Indian Territory History is Black History. Lest We Omit!
King BLUE, Chickasaw Freedman #135
The former slaves of the Chickasaw Indians once emancipated by the Treaty of 1866 had an adversarial relationship with their former enslavers, especially when it came to the issue of their adoption as citizens within the nation of their birth.
|1896 Map Chickasaw Nation, Stonewall, Indian Territory|
The former slaves formed political organizations and appointed people to represent their concerns before Congress in Washington, D.C. and one of those individuals was King BLUE. BLUE who was enslaved by Benjamin COLBERT; a member of the large slave holding COLBERT family of Chickasaws
King BLUE lived in Pontotoc County in the Stonewall area that was the center of a lot of freedmen leaders and political activity because it served as the site of the Chickasaw Nation capitol of Ada, Indian Territory.
It is important to remember following the War of the Rebellion the Chickasaw Indians did not adopt their former slaves and the United States did not negotiate terms with the Choctaw and Chickasaw Nations that made it mandatory to adopt them as citizens on the same terms that the Cherokee, Creek and Seminole Nations.

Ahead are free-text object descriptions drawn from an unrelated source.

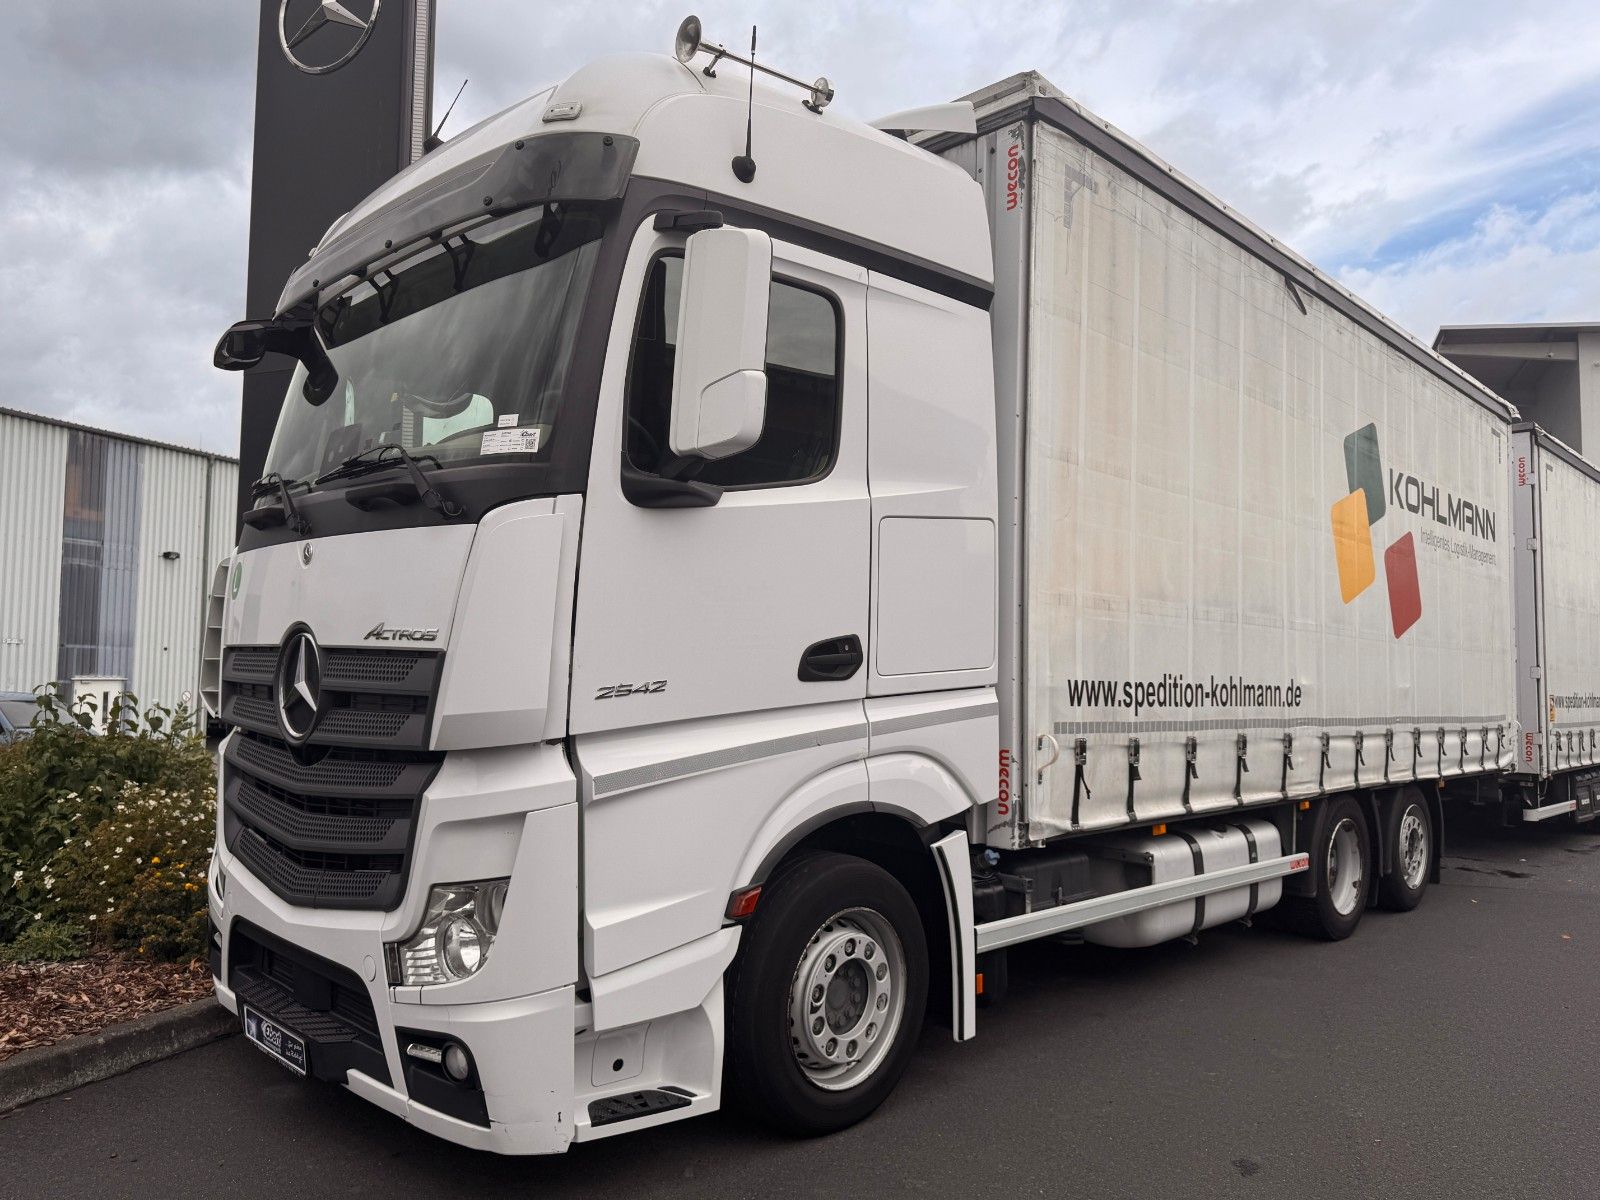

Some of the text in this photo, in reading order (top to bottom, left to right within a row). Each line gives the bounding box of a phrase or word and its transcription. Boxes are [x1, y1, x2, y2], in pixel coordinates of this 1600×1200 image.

[1007, 144, 1019, 211] wecon
[1518, 456, 1526, 487] wecon
[1389, 467, 1496, 543] KOHLMANN
[594, 679, 668, 701] 2542
[1067, 673, 1302, 717] www.spedition-kohlmann.de
[1525, 732, 1533, 762] wecon
[998, 749, 1010, 815] wecon
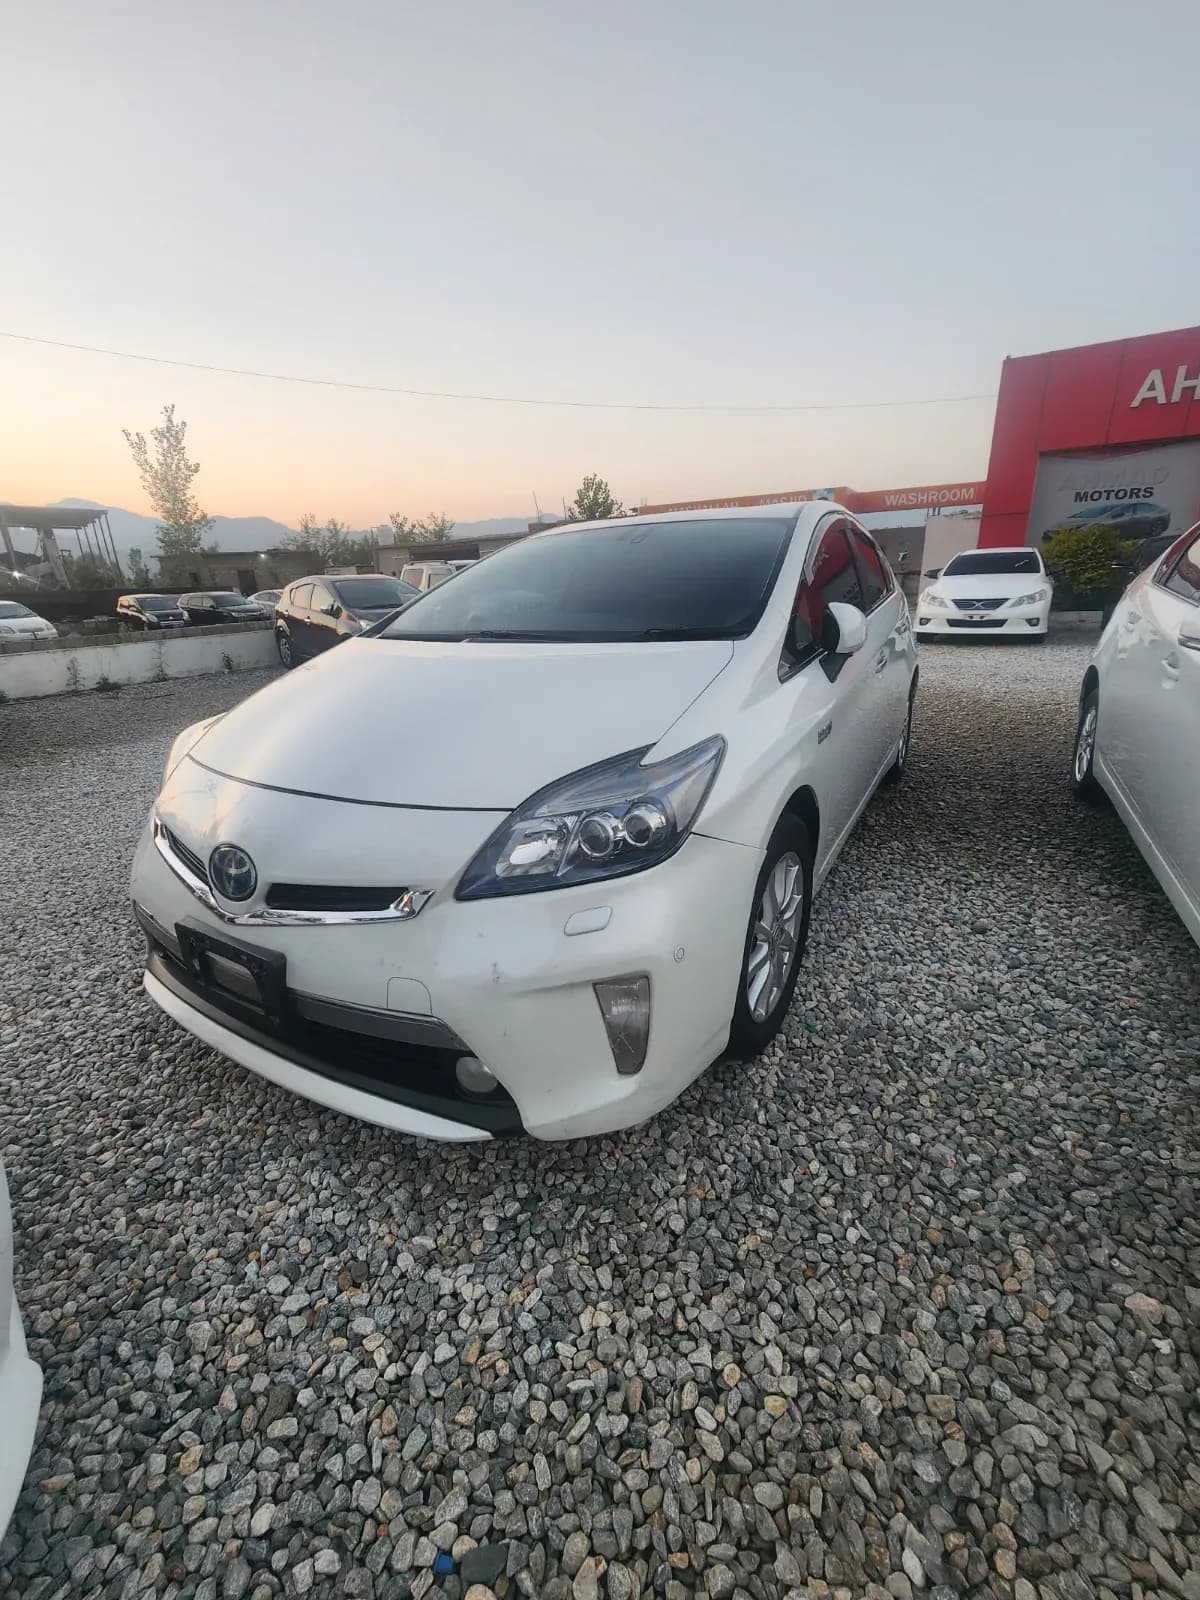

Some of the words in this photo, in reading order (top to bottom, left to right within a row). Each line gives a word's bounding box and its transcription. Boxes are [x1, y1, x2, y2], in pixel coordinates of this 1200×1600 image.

[1129, 365, 1200, 408] AH
[885, 488, 975, 507] WASHROOM
[1074, 486, 1154, 503] MOTORS

“They were supposedly free men, but they were without equal rights and privileges, including those of property ownership and educational facilities.”[i]
|Indian Journal January 11, 1883 page 1, column 1-2|
|Chickasaw Freedman Card #135 front, King BLUE|
The information contained in this summary of King BLUE’S interview reveals his sister in law who was enumerated on Chickasaw Freedman Card #136 and was married to a United States soldier by the name of Beverly PEREA. I have suspected that some of the leading men in the Chickasaw and Choctaw community may have served as soldiers. Presently I don’t have any concrete information about King BLUE serving but I would not be surprised if he had.
I have looked at a Chickasaw index for people with the surname of BLUE and found at least sixty-six individuals; including King BLUE. It would be good for someone who descends from this man to look at those Dawes cards and determine the family ties to King BLUE. I imagine the first step would be is to determine the name of King BLUE’S wife who was not enumerated on the same card with him and there is no information about her death.
- Jack BLUE & Louisa BLUE (parents)
- King BLUE CHIF#135
- Wife Elizabeth BLUE non-citizen
- Tony BLUE CHIF#108
- Wife Mimey or Winney BLUE nee McGEE (her father was listed as a Choctaw Indian)
- Did King and Tony BLUE have other siblings?
- Were they enumerated as Chickasaw or Choctaw Freedmen?
- Were they politically active in the community for the rights of Chickasaw and Choctaw Freedmen?·
These questions will only be answered from the dedicated contributions to the research and preservation of the Chickasaw and Choctaw freedmen.
I will suggest one method of performing this task is look at Dawes cards generally near the ancestor you locate in the M1186 files. Based on my research a lot of freedmen tended to file for their land allotment at the same time which like in this case, the sister of King BLUES wife was enumerated on Dawes card #136. This was done in my opinion to support each other to verify their status as a former slave in the nation and who was their enslaver.